**WHAT TO DO**.
Below are records to reproduce in full; copy them exactly but keep the pictures out.

================================

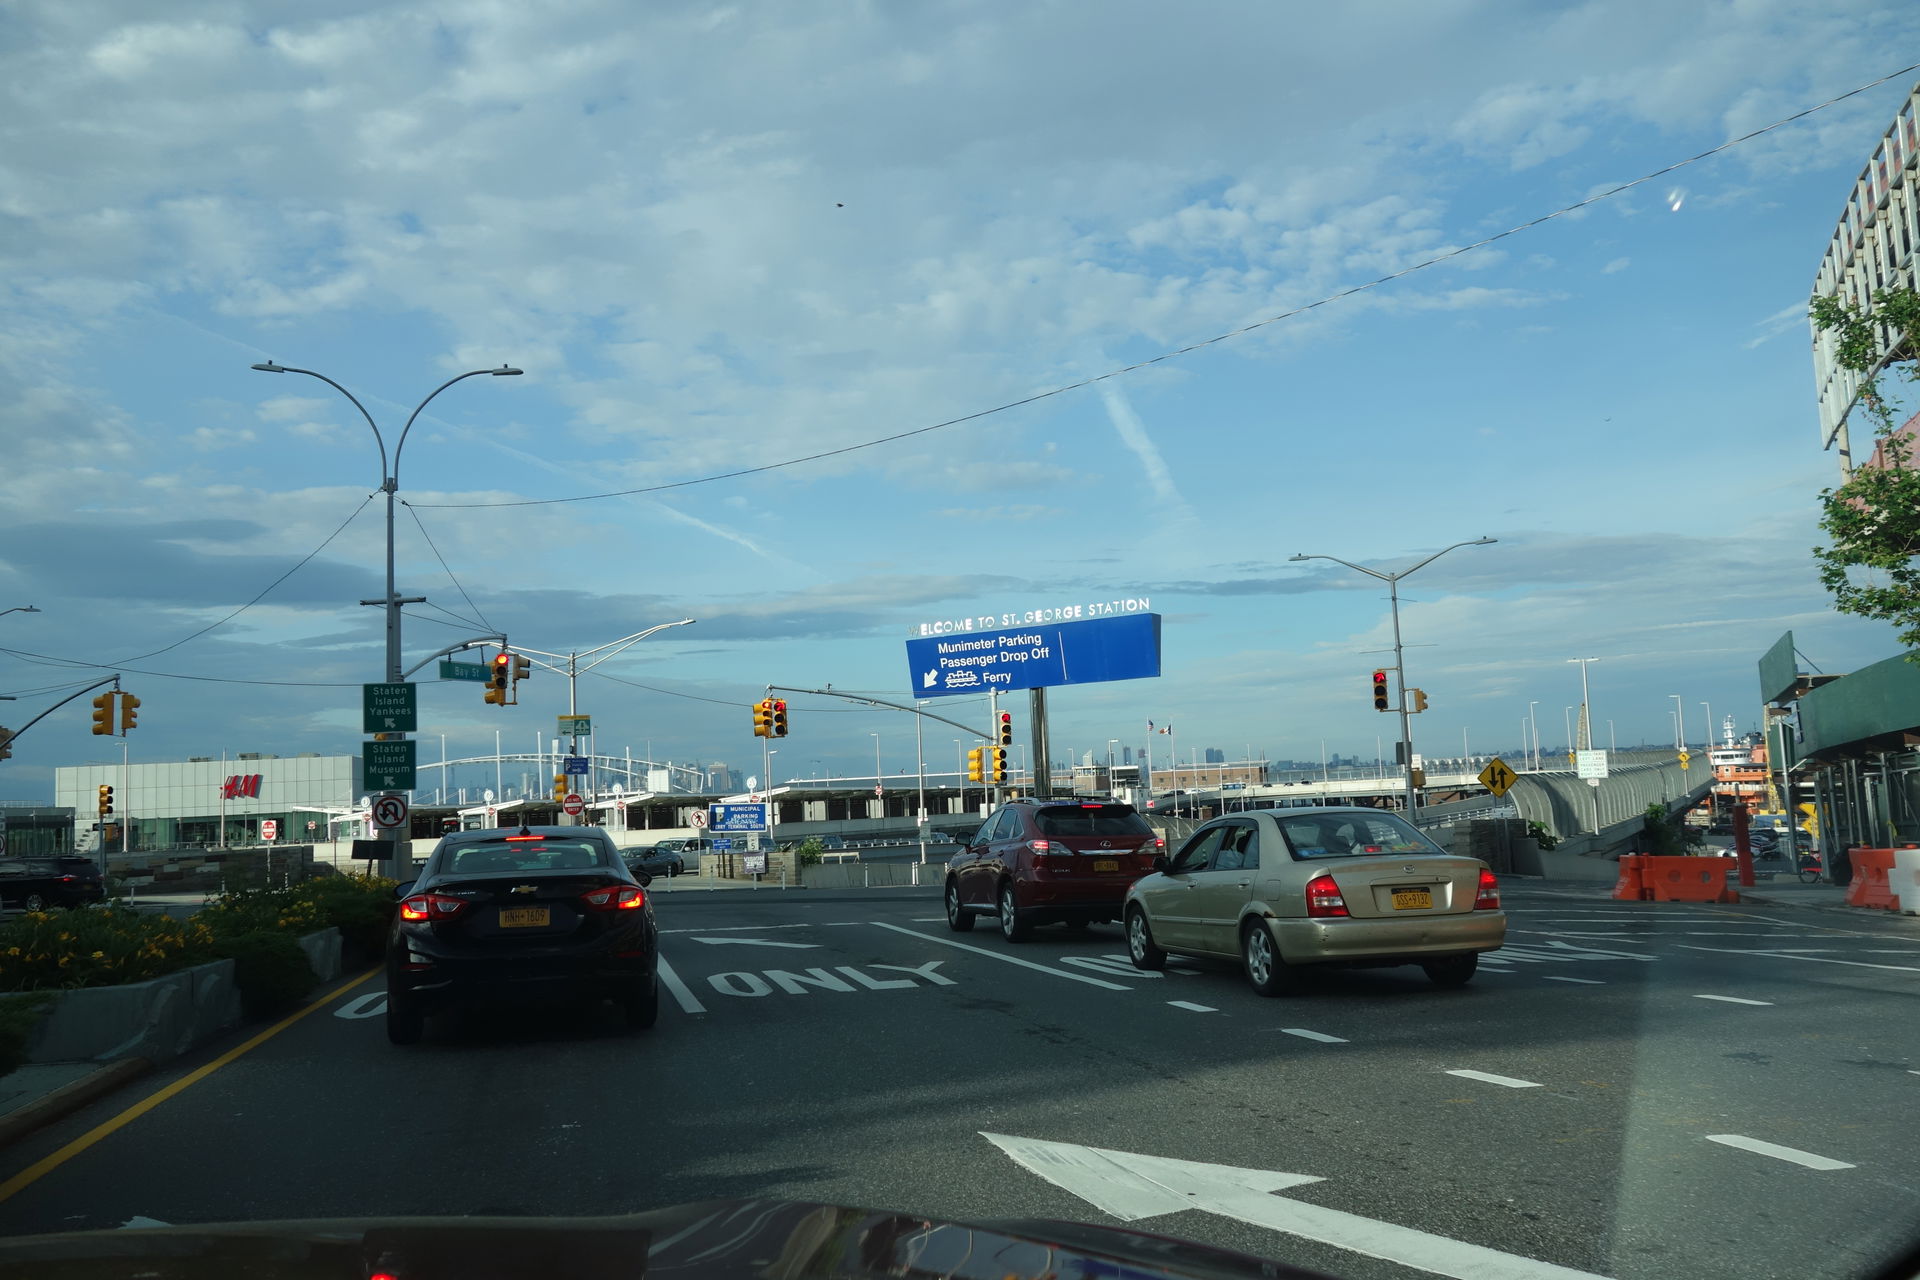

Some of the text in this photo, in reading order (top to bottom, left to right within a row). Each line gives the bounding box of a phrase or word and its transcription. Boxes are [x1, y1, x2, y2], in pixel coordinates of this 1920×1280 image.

[978, 616, 995, 629] TO
[1001, 613, 1021, 626] ST.
[1024, 605, 1082, 623] GEORGE
[1088, 598, 1151, 616] STATION
[938, 633, 1042, 654] Munimeter Parking
[939, 647, 1050, 669] Passenger Drop Off
[455, 666, 480, 678] Bay St
[982, 671, 1012, 685] Ferry
[373, 687, 407, 695] Staten
[375, 697, 405, 705] Island
[370, 707, 412, 716] Yankees
[372, 744, 407, 753] Staten
[374, 754, 405, 763] Island
[369, 765, 410, 774] Museum
[707, 960, 957, 998] ONLY

================================

**WRITTEN ANSWER**.
Some of the text in this photo, in reading order (top to bottom, left to right within a row). Each line gives the bounding box of a phrase or word and its transcription. Boxes are [x1, y1, x2, y2], in pixel coordinates of this 1920×1280 image.

[978, 616, 995, 629] TO
[1001, 613, 1021, 626] ST.
[1024, 605, 1082, 623] GEORGE
[1088, 598, 1151, 616] STATION
[938, 633, 1042, 654] Munimeter Parking
[939, 647, 1050, 669] Passenger Drop Off
[455, 666, 480, 678] Bay St
[982, 671, 1012, 685] Ferry
[373, 687, 407, 695] Staten
[375, 697, 405, 705] Island
[370, 707, 412, 716] Yankees
[372, 744, 407, 753] Staten
[374, 754, 405, 763] Island
[369, 765, 410, 774] Museum
[707, 960, 957, 998] ONLY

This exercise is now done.